• TASK INSTRUCTIONS:
Write the entries out again. Every character must match.

Phrase grounding data:

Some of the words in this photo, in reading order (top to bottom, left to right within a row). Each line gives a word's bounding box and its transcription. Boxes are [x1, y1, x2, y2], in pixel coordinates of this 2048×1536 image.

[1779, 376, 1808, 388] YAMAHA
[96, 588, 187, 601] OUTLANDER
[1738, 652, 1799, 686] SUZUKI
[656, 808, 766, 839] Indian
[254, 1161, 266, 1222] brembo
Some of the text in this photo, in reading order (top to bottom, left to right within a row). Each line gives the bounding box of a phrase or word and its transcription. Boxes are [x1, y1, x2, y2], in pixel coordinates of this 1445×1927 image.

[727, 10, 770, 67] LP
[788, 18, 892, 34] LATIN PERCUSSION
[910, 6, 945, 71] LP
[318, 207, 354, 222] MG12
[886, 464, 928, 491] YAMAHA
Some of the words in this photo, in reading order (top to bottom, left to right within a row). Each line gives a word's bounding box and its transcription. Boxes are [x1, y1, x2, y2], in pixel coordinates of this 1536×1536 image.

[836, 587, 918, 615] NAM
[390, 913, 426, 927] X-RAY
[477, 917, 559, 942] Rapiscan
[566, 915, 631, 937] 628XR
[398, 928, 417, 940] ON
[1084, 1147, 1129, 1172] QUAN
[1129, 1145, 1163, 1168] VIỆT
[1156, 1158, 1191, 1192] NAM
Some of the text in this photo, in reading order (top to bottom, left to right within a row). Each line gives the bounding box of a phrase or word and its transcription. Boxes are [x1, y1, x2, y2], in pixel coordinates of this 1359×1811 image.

• OUTPUT FOR THIS TASK:
Some of the words in this photo, in reading order (top to bottom, left to right within a row). Each line gives a word's bounding box and its transcription. Boxes are [x1, y1, x2, y2], in pixel coordinates of this 2048×1536 image.

[1779, 376, 1808, 388] YAMAHA
[96, 588, 187, 601] OUTLANDER
[1738, 652, 1799, 686] SUZUKI
[656, 808, 766, 839] Indian
[254, 1161, 266, 1222] brembo
Some of the text in this photo, in reading order (top to bottom, left to right within a row). Each line gives the bounding box of a phrase or word and its transcription. Boxes are [x1, y1, x2, y2], in pixel coordinates of this 1445×1927 image.

[727, 10, 770, 67] LP
[788, 18, 892, 34] LATIN PERCUSSION
[910, 6, 945, 71] LP
[318, 207, 354, 222] MG12
[886, 464, 928, 491] YAMAHA
Some of the words in this photo, in reading order (top to bottom, left to right within a row). Each line gives a word's bounding box and its transcription. Boxes are [x1, y1, x2, y2], in pixel coordinates of this 1536×1536 image.

[836, 587, 918, 615] NAM
[390, 913, 426, 927] X-RAY
[477, 917, 559, 942] Rapiscan
[566, 915, 631, 937] 628XR
[398, 928, 417, 940] ON
[1084, 1147, 1129, 1172] QUAN
[1129, 1145, 1163, 1168] VIỆT
[1156, 1158, 1191, 1192] NAM
Some of the text in this photo, in reading order (top to bottom, left to right within a row). Each line gives the bounding box of a phrase or word and its transcription. Boxes are [x1, y1, x2, y2], in pixel coordinates of this 1359×1811 image.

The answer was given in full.